Handirifle, I’m just so used to being on the defense automatically when predator hunting is brought up. I forgot how great of a group of people we have here.
I contacted a friend of mine who has just completed a cougar study in northern CA over the past 4 years. He brought up a few interesting points.
First, his take on depredations is that the problem cat is an individual with a specialization of some kind of prey (like previously mentioned with the bighorn sheep), and if you remove that cat you remove the problem. However, most of the recent attacks on people in CA have been juvenile cougars, and he couldn’t explain that. He did mention that over the past few years there have been 7 cats killed for depredation on one family’s ranch near Santa Cruz. This family has done nothing to help deter the cats (like putting their goats in an enclosure at night) and would like it if Wildlife Services just killed all the cougars. Which brings us to the next point.

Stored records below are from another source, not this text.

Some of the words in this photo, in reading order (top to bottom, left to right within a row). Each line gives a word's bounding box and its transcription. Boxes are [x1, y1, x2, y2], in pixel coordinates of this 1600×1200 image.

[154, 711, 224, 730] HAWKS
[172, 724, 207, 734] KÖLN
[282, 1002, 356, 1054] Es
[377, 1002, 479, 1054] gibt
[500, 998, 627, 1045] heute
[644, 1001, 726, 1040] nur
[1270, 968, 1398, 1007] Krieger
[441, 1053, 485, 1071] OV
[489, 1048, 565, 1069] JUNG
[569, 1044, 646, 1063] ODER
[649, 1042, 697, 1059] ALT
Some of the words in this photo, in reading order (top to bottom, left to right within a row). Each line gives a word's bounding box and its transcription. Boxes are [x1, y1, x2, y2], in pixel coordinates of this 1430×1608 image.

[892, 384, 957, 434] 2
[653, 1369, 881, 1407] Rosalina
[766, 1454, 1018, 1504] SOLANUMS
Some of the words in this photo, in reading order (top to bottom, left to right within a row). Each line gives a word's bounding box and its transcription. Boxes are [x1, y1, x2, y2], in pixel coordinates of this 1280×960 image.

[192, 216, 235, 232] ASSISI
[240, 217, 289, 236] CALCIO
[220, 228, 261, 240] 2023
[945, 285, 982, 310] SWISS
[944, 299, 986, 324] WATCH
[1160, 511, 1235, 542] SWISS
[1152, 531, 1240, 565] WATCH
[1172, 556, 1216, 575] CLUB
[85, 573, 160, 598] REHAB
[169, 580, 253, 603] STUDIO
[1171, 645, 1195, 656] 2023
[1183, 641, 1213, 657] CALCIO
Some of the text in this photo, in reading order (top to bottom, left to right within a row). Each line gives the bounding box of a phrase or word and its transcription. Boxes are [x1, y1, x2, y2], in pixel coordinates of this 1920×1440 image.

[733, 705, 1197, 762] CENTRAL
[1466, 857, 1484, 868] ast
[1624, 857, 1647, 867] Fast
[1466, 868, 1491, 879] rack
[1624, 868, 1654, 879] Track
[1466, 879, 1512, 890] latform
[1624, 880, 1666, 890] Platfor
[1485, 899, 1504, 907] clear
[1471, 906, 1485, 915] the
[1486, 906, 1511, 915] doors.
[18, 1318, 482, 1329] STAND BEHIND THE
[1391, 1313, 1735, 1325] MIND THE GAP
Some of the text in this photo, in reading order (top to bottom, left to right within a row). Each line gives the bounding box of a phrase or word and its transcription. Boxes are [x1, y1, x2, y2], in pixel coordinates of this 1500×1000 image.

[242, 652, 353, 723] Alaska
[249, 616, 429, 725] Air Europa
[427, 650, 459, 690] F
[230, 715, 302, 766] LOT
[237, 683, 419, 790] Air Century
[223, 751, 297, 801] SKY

If cougars are opened for hunting, then they will (should be) managed as all game species are. Simply put, the principles behind this are to keep the population below the carrying capacity of the land, so that there is an abundance of food and thus lots of offspring. In his words, “But if it was actually “managed” with maximum sustainable yield or something the population would actually increase. That is why there are more lions in Idaho or Washington than in CA.”
So the question I would ask you guys is, do you want a cougar hunting season specifically to reduce the number of cats? Or do you want them to be managed, by hunting, with a healthy population for the long term? And how do you think hunting will solve the problem of depredations or attacks?